Probably, no other concert has ever been applauded so much. And yet, there were very few notes; the words were similar and the applause always sang the same praises.
Only one country was not singing the same tune: Bolivia. Its representatives denounced the text’s inadequacies and expressed their clear disapproval of it. The applause was then rapidly directed against the Bolivian representatives. After several hours, the representatives of all the other countries still kept applauding and the President overrode Bolivia’s objections.
The text was approved that morning. Very quickly, many things were said about the agreement and its main points (including its “green” form and REDD+). It was of course, described as insufficient. It was also said that because it is a real compromise, it displeases a lot of people a little, even though it satisfies almost all of them.

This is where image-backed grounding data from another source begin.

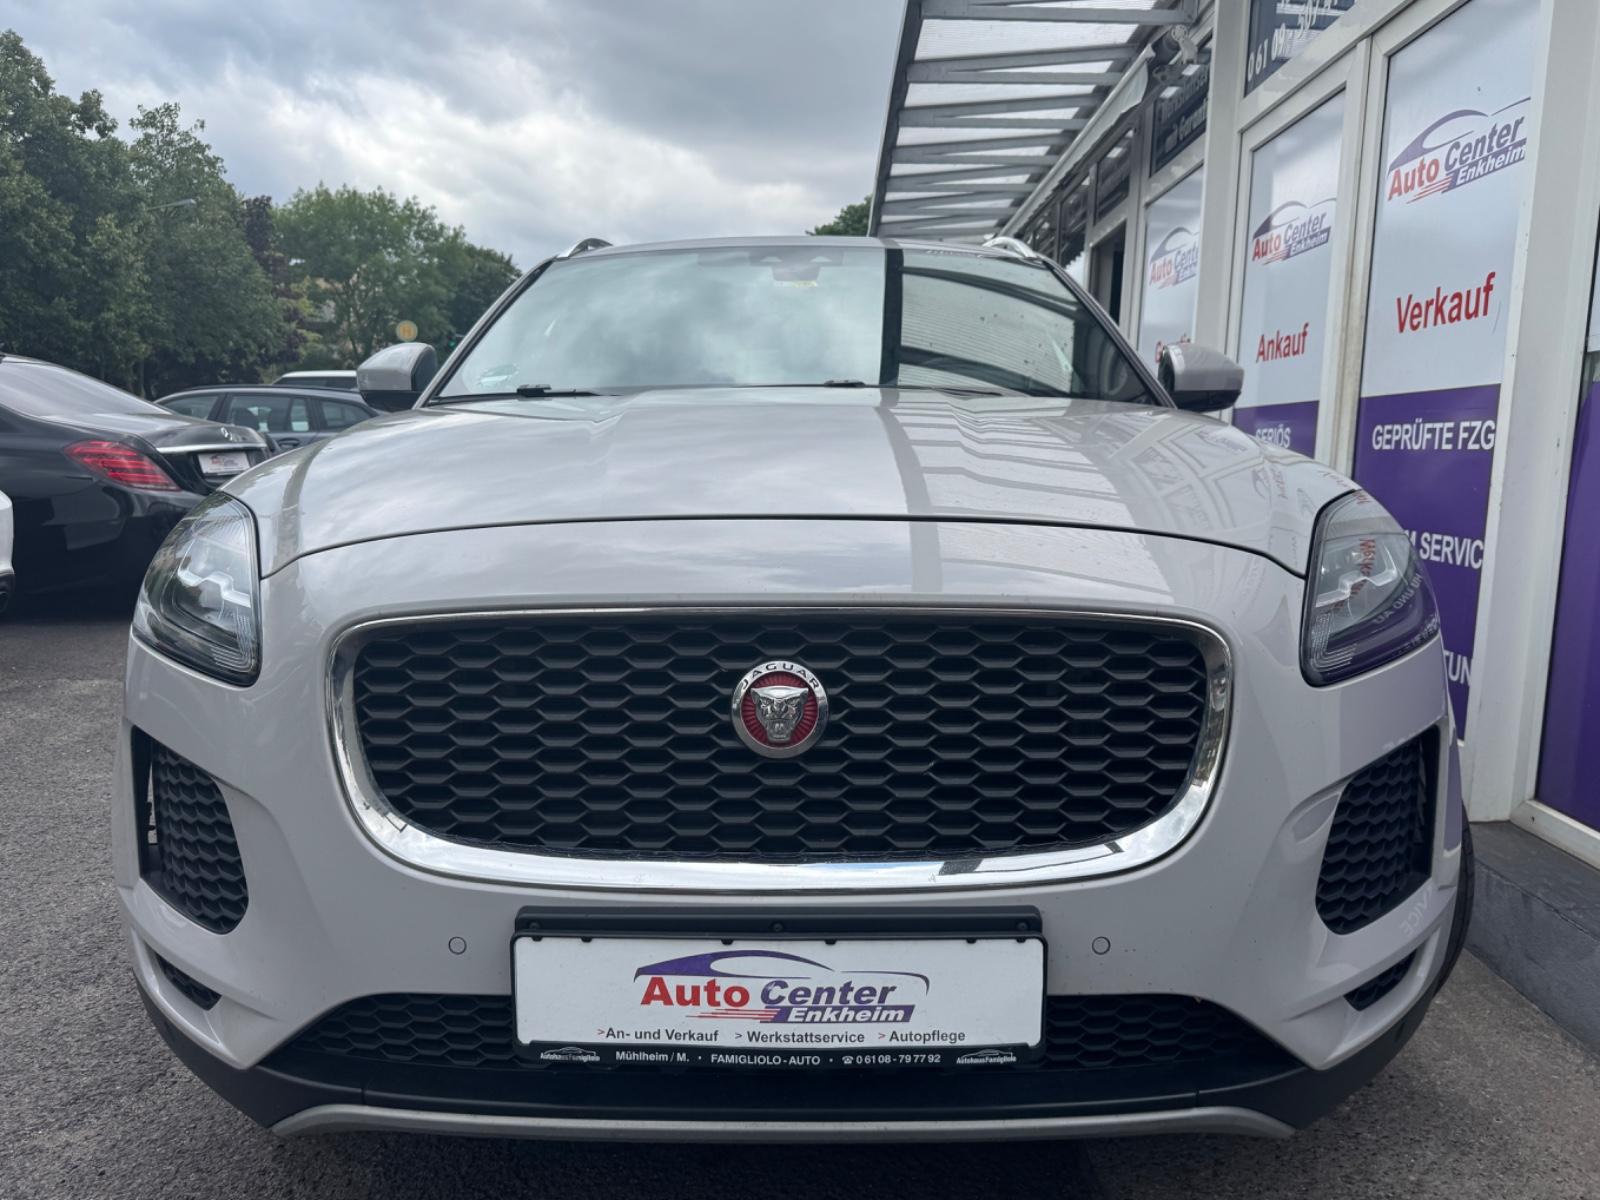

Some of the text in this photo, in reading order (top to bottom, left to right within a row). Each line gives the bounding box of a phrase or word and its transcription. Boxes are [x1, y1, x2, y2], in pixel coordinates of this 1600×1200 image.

[1388, 116, 1525, 201] Auto Center
[1456, 147, 1526, 186] Enkheim
[1252, 211, 1327, 262] Auto Center
[1396, 272, 1496, 334] Verkauf
[1256, 322, 1309, 363] Ankauf
[1372, 417, 1496, 450] GEPRÜFTE FZG
[1420, 531, 1484, 569] SERVIC
[742, 662, 820, 690] JAGUAR
[640, 976, 897, 1007] Auto Center
[787, 1006, 905, 1023] Enkheim
[634, 1029, 661, 1041] und
[665, 1030, 719, 1042] Verkauf
[747, 1031, 865, 1044] Werkstattservice
[889, 1030, 966, 1044] Autopflege
[615, 1051, 669, 1062] Mühlheim

But there are two other comments I would like to focus on.
Firstly, the emergence of diplomacy in the South. Whilst the Danish presidency – a country usually known for its diplomatic qualities –failed pitifully in Copenhagen, Mexico showed it had the diplomatic skills needed to reach an agreement. We know that Southern countries rapidly take up major positions in international relations – especially the BASIC countries (Brazil, South Africa, India and China). Today, in Cancun, Mexico which is part of the South, even if it is located in the Northern hemisphere and it is an OECD country, has shown that it is also taking its place as a negotiator and organiser of international relations. And it did so in an exemplary manner, in a spirit of open-mindedness, transparency and compromise.
It was also one woman’s success. Women are not necessarily more gentle, diplomatic or attentive than men. And the Copenhagen failure was also down to Connie Hedegaard’s (the Danish President) methods. Cancun therefore owes a lot to Patricia Espinosa.
Of course, neither is she the only female politician in the South, especially barely a few days after Aung San Suu Kyi’s liberation. But one can hope that she will make a generation of young women want to take their rightful place in the future of their country and the world.
The Cancun text is a step, and just a step. After the disastrous Copenhagen Summit, it has put a seemingly outdated multilateral system of negotiations back into place and boosted the fight against climate change. But beyond being a mere step, it is also a sign that our world is perhaps changing much more than we realised.